WHAT TO PRODUCE =
In the copy you make, keep each entry exactly as it is and leave out all images.

EXTRACTED ENTRIES =

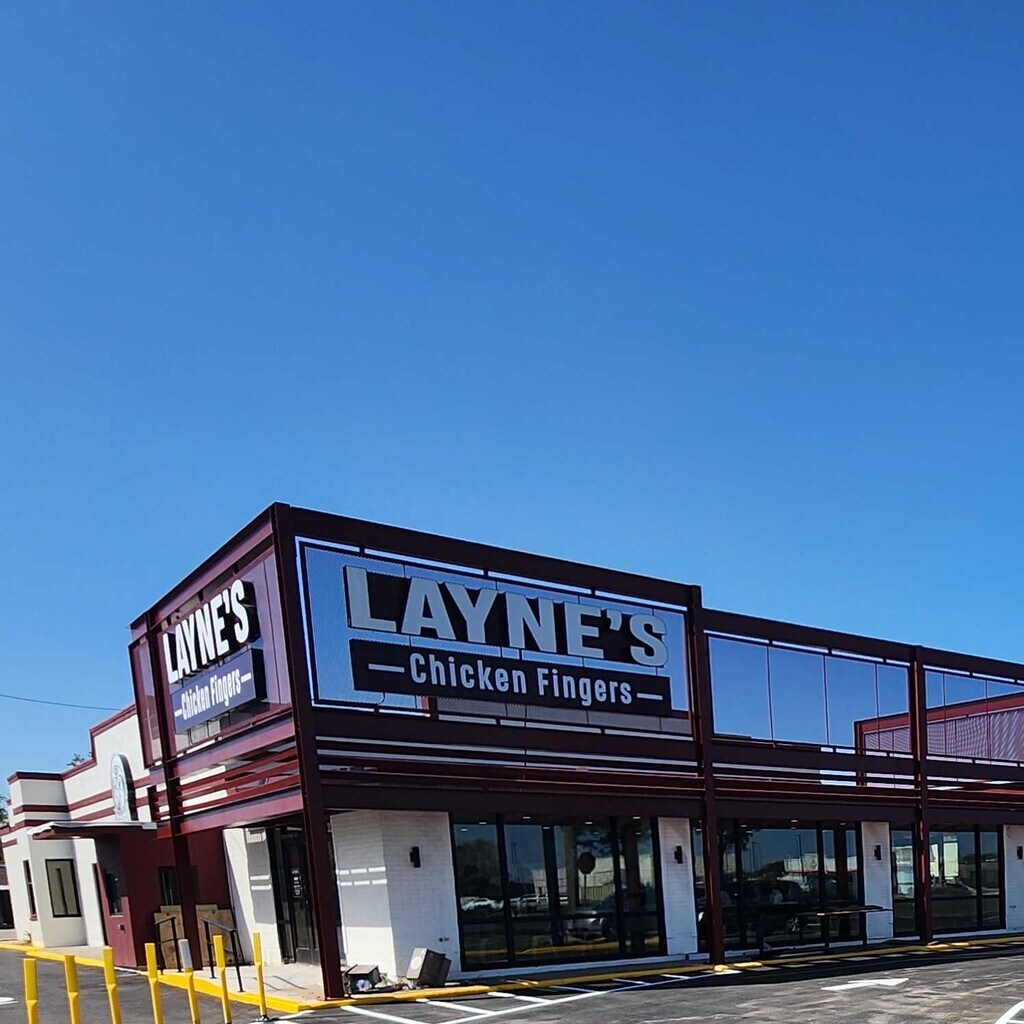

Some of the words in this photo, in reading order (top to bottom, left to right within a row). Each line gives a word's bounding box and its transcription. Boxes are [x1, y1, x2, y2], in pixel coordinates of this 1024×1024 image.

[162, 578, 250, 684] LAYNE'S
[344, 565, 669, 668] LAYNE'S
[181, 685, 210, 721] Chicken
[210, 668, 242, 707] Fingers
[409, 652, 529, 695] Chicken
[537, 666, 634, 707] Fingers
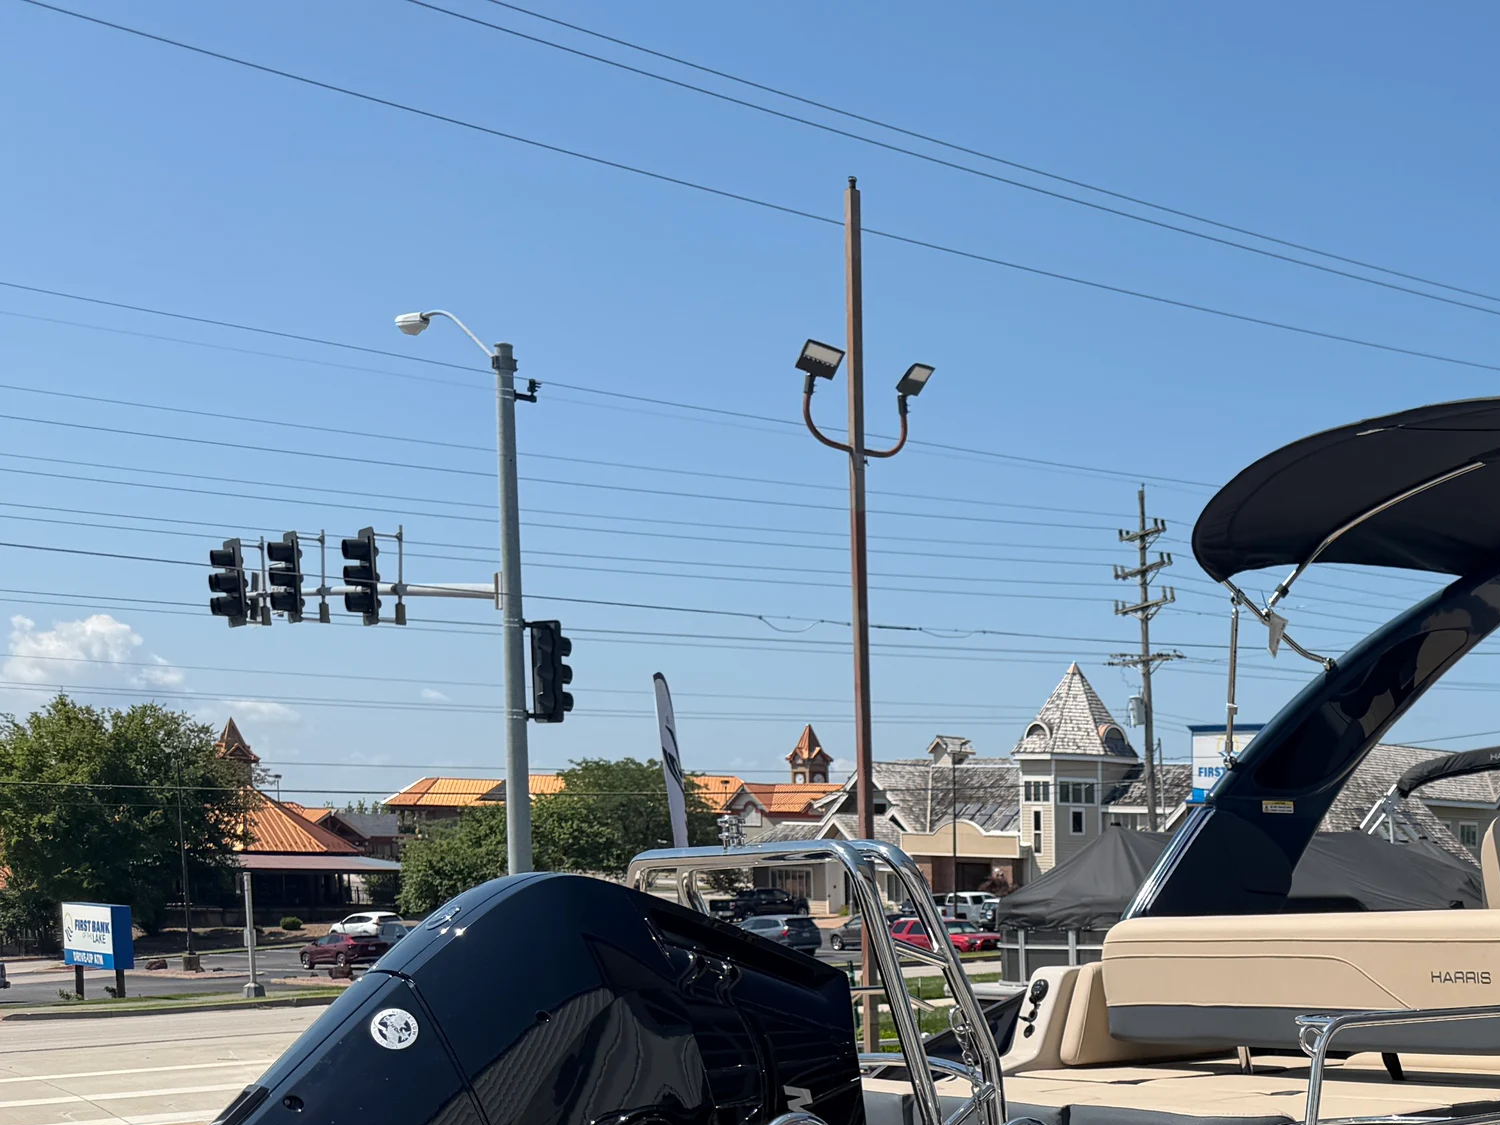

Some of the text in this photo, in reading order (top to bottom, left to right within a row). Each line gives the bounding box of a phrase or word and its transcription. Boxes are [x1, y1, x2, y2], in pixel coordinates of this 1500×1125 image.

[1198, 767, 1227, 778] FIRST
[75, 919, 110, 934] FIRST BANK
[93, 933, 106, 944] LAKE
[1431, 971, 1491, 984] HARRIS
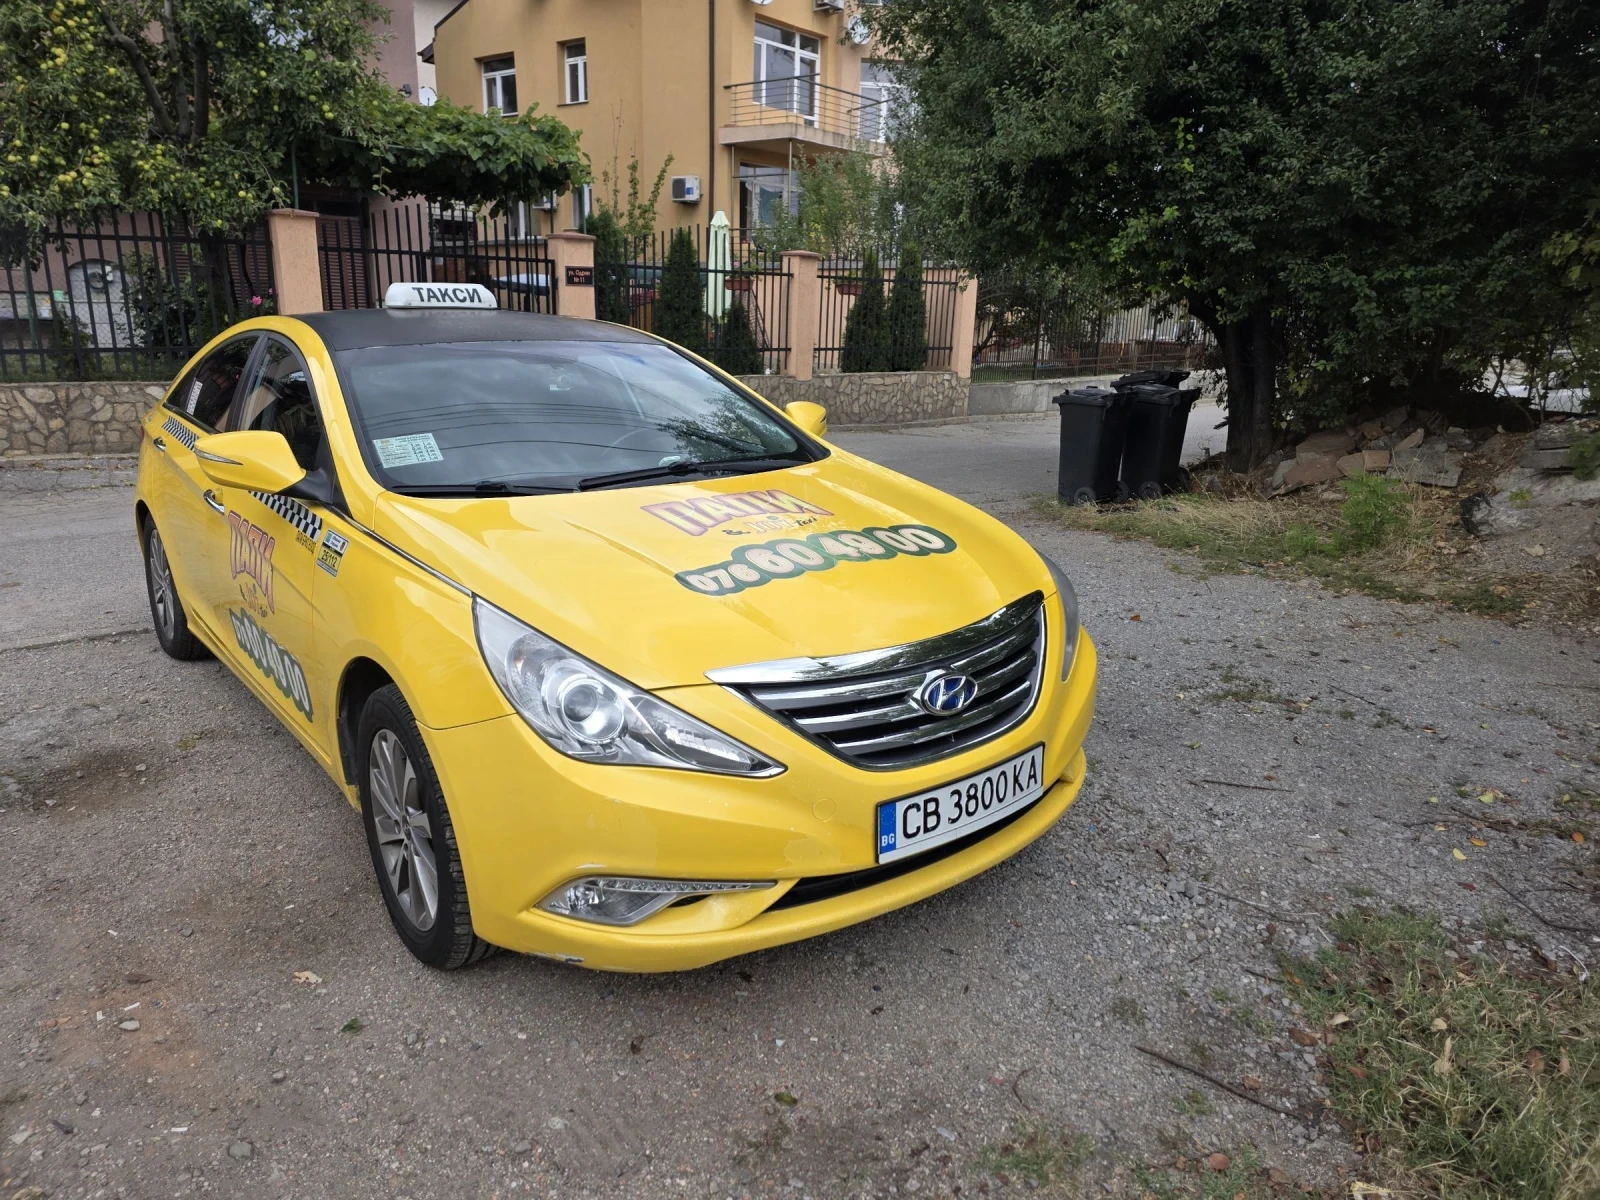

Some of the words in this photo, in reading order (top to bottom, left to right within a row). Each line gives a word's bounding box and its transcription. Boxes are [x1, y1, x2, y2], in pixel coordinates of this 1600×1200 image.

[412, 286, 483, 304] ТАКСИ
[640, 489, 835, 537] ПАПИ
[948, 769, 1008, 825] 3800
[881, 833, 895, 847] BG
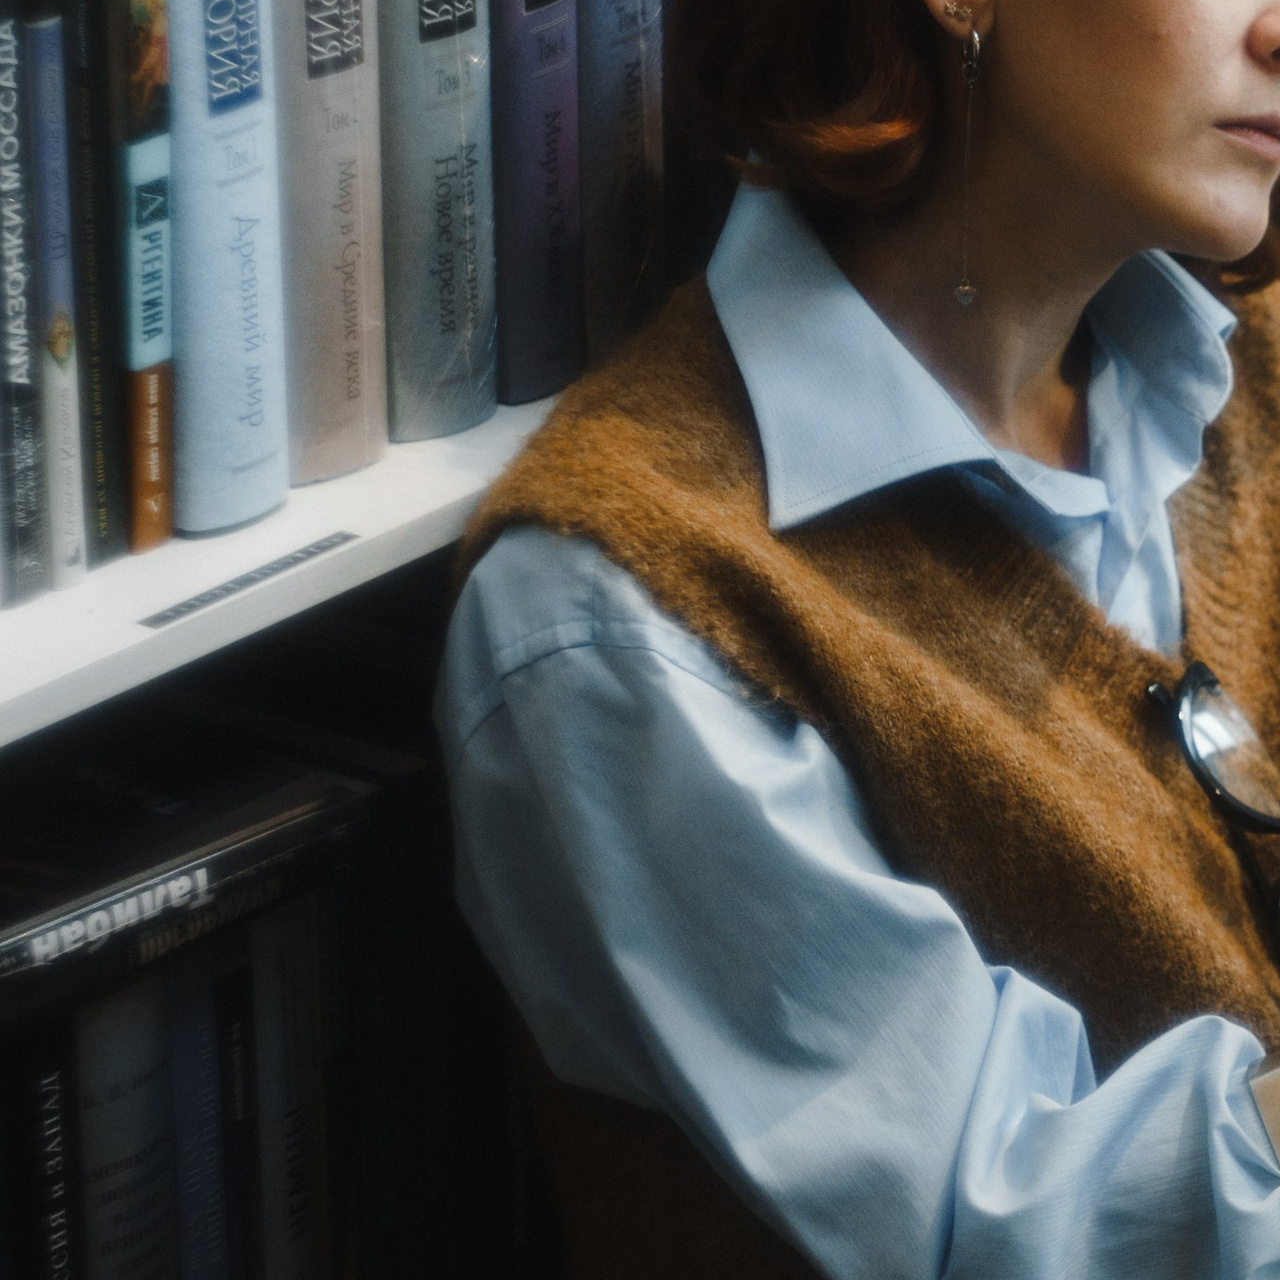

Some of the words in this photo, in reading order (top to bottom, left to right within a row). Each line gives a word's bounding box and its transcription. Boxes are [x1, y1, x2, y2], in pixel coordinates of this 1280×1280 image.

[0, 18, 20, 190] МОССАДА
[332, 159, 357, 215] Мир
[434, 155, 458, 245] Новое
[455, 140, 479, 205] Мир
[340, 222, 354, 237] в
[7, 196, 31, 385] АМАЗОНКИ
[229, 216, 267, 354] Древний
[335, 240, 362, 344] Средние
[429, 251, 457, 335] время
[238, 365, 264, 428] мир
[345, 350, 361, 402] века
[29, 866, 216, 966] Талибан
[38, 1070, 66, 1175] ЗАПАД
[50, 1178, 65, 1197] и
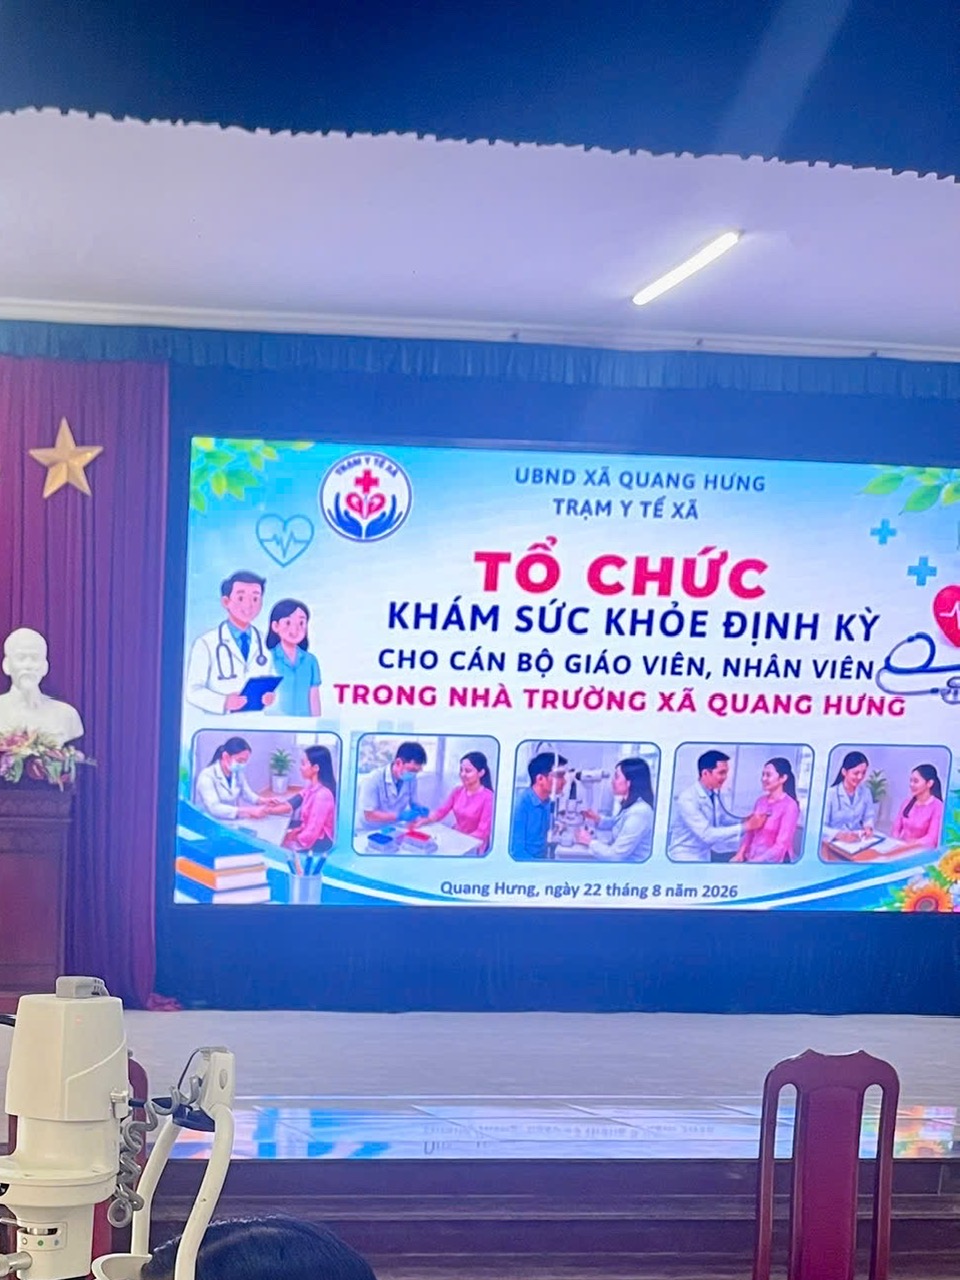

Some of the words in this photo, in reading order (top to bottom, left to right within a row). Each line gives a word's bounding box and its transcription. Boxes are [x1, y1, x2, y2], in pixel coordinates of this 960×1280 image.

RESULT OF THE EXERCISE =
Some of the words in this photo, in reading order (top to bottom, left to right within a row). Each line gives a word's bounding box and its transcription. Boxes are [x1, y1, x2, y2], in pixel coordinates of this 1024×1024 image.

[162, 578, 250, 684] LAYNE'S
[344, 565, 669, 668] LAYNE'S
[181, 685, 210, 721] Chicken
[210, 668, 242, 707] Fingers
[409, 652, 529, 695] Chicken
[537, 666, 634, 707] Fingers

Some of the text in this photo, in reading order (top to bottom, left to right within a row). Each line gives the bounding box of a phrase or word and its transcription. Boxes are [x1, y1, x2, y2], in pixel coordinates of this 1500×1125 image.

[1198, 767, 1227, 778] FIRST
[75, 919, 110, 934] FIRST BANK
[93, 933, 106, 944] LAKE
[1431, 971, 1491, 984] HARRIS

Some of the words in this photo, in reading order (top to bottom, left to right within a row). Each line gives a word's bounding box and its transcription. Boxes are [x1, y1, x2, y2], in pixel coordinates of this 1600×1200 image.

[412, 286, 483, 304] ТАКСИ
[640, 489, 835, 537] ПАПИ
[948, 769, 1008, 825] 3800
[881, 833, 895, 847] BG

Some of the words in this photo, in reading order (top to bottom, left to right within a row). Each line gives a word's bounding box and its transcription. Boxes are [x1, y1, x2, y2], in pixel coordinates of this 1280×1280 image.

[0, 18, 20, 190] МОССАДА
[332, 159, 357, 215] Мир
[434, 155, 458, 245] Новое
[455, 140, 479, 205] Мир
[340, 222, 354, 237] в
[7, 196, 31, 385] АМАЗОНКИ
[229, 216, 267, 354] Древний
[335, 240, 362, 344] Средние
[429, 251, 457, 335] время
[238, 365, 264, 428] мир
[345, 350, 361, 402] века
[29, 866, 216, 966] Талибан
[38, 1070, 66, 1175] ЗАПАД
[50, 1178, 65, 1197] и

Some of the words in this photo, in reading order (top to bottom, left to right within a row). Each line gives a word's bounding box and its transcription. Boxes are [x1, y1, x2, y2], in pixel coordinates of this 960×1280 image.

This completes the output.